Work item:
A faithful copy of all the data below, please; leave no line out.

Material for the task:
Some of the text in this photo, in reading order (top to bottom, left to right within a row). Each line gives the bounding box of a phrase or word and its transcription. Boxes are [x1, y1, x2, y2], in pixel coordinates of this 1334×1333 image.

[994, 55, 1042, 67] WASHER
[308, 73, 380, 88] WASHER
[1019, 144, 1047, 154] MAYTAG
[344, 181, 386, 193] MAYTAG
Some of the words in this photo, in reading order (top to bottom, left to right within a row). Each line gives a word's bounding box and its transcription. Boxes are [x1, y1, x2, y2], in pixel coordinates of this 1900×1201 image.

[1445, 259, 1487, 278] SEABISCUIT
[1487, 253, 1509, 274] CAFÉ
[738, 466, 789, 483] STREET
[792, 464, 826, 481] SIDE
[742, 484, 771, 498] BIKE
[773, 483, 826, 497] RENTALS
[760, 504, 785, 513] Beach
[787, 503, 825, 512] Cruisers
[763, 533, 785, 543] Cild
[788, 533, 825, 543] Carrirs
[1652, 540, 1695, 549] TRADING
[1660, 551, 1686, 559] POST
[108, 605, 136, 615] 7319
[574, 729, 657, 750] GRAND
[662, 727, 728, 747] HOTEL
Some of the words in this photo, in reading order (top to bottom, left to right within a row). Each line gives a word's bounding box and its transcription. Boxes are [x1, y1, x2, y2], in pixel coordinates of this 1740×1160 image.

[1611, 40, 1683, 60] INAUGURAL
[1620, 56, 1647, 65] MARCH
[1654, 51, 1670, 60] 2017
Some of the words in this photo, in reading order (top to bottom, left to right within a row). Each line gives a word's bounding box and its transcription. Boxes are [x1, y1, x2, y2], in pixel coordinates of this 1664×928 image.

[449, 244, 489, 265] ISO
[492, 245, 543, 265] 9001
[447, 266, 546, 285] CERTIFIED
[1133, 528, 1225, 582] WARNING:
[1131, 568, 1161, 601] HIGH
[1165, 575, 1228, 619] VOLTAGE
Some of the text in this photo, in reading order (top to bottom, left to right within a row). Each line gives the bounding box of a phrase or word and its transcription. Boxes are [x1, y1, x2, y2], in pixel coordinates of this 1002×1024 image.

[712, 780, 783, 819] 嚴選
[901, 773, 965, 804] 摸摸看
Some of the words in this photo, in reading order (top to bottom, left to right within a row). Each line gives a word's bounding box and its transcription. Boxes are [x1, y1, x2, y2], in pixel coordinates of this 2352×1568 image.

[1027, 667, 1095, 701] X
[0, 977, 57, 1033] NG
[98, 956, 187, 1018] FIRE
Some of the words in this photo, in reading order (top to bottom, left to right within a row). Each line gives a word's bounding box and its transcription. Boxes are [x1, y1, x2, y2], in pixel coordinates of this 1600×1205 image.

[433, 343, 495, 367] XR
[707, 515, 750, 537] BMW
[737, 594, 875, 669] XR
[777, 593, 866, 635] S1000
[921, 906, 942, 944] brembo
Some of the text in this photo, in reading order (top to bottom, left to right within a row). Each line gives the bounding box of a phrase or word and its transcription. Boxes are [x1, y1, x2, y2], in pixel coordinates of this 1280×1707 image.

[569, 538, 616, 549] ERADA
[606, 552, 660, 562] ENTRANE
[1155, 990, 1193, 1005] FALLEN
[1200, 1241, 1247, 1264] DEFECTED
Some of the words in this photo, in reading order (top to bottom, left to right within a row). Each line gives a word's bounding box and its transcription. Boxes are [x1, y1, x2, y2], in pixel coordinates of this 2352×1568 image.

Result of this exercise:
Some of the text in this photo, in reading order (top to bottom, left to right within a row). Each line gives the bounding box of a phrase or word and its transcription. Boxes are [x1, y1, x2, y2], in pixel coordinates of this 1334×1333 image.

[994, 55, 1042, 67] WASHER
[308, 73, 380, 88] WASHER
[1019, 144, 1047, 154] MAYTAG
[344, 181, 386, 193] MAYTAG
Some of the words in this photo, in reading order (top to bottom, left to right within a row). Each line gives a word's bounding box and its transcription. Boxes are [x1, y1, x2, y2], in pixel coordinates of this 1900×1201 image.

[1445, 259, 1487, 278] SEABISCUIT
[1487, 253, 1509, 274] CAFÉ
[738, 466, 789, 483] STREET
[792, 464, 826, 481] SIDE
[742, 484, 771, 498] BIKE
[773, 483, 826, 497] RENTALS
[760, 504, 785, 513] Beach
[787, 503, 825, 512] Cruisers
[763, 533, 785, 543] Cild
[788, 533, 825, 543] Carrirs
[1652, 540, 1695, 549] TRADING
[1660, 551, 1686, 559] POST
[108, 605, 136, 615] 7319
[574, 729, 657, 750] GRAND
[662, 727, 728, 747] HOTEL
Some of the words in this photo, in reading order (top to bottom, left to right within a row). Each line gives a word's bounding box and its transcription. Boxes are [x1, y1, x2, y2], in pixel coordinates of this 1740×1160 image.

[1611, 40, 1683, 60] INAUGURAL
[1620, 56, 1647, 65] MARCH
[1654, 51, 1670, 60] 2017
Some of the words in this photo, in reading order (top to bottom, left to right within a row). Each line gives a word's bounding box and its transcription. Boxes are [x1, y1, x2, y2], in pixel coordinates of this 1664×928 image.

[449, 244, 489, 265] ISO
[492, 245, 543, 265] 9001
[447, 266, 546, 285] CERTIFIED
[1133, 528, 1225, 582] WARNING:
[1131, 568, 1161, 601] HIGH
[1165, 575, 1228, 619] VOLTAGE
Some of the text in this photo, in reading order (top to bottom, left to right within a row). Each line gives the bounding box of a phrase or word and its transcription. Boxes are [x1, y1, x2, y2], in pixel coordinates of this 1002×1024 image.

[712, 780, 783, 819] 嚴選
[901, 773, 965, 804] 摸摸看
Some of the words in this photo, in reading order (top to bottom, left to right within a row). Each line gives a word's bounding box and its transcription. Boxes are [x1, y1, x2, y2], in pixel coordinates of this 2352×1568 image.

[1027, 667, 1095, 701] X
[0, 977, 57, 1033] NG
[98, 956, 187, 1018] FIRE
Some of the words in this photo, in reading order (top to bottom, left to right within a row). Each line gives a word's bounding box and its transcription. Boxes are [x1, y1, x2, y2], in pixel coordinates of this 1600×1205 image.

[433, 343, 495, 367] XR
[707, 515, 750, 537] BMW
[737, 594, 875, 669] XR
[777, 593, 866, 635] S1000
[921, 906, 942, 944] brembo
Some of the text in this photo, in reading order (top to bottom, left to right within a row). Each line gives the bounding box of a phrase or word and its transcription. Boxes are [x1, y1, x2, y2], in pixel coordinates of this 1280×1707 image.

[569, 538, 616, 549] ERADA
[606, 552, 660, 562] ENTRANE
[1155, 990, 1193, 1005] FALLEN
[1200, 1241, 1247, 1264] DEFECTED
Some of the words in this photo, in reading order (top to bottom, left to right within a row). Each line gives a word's bounding box and its transcription. Boxes are [x1, y1, x2, y2], in pixel coordinates of this 2352×1568 image.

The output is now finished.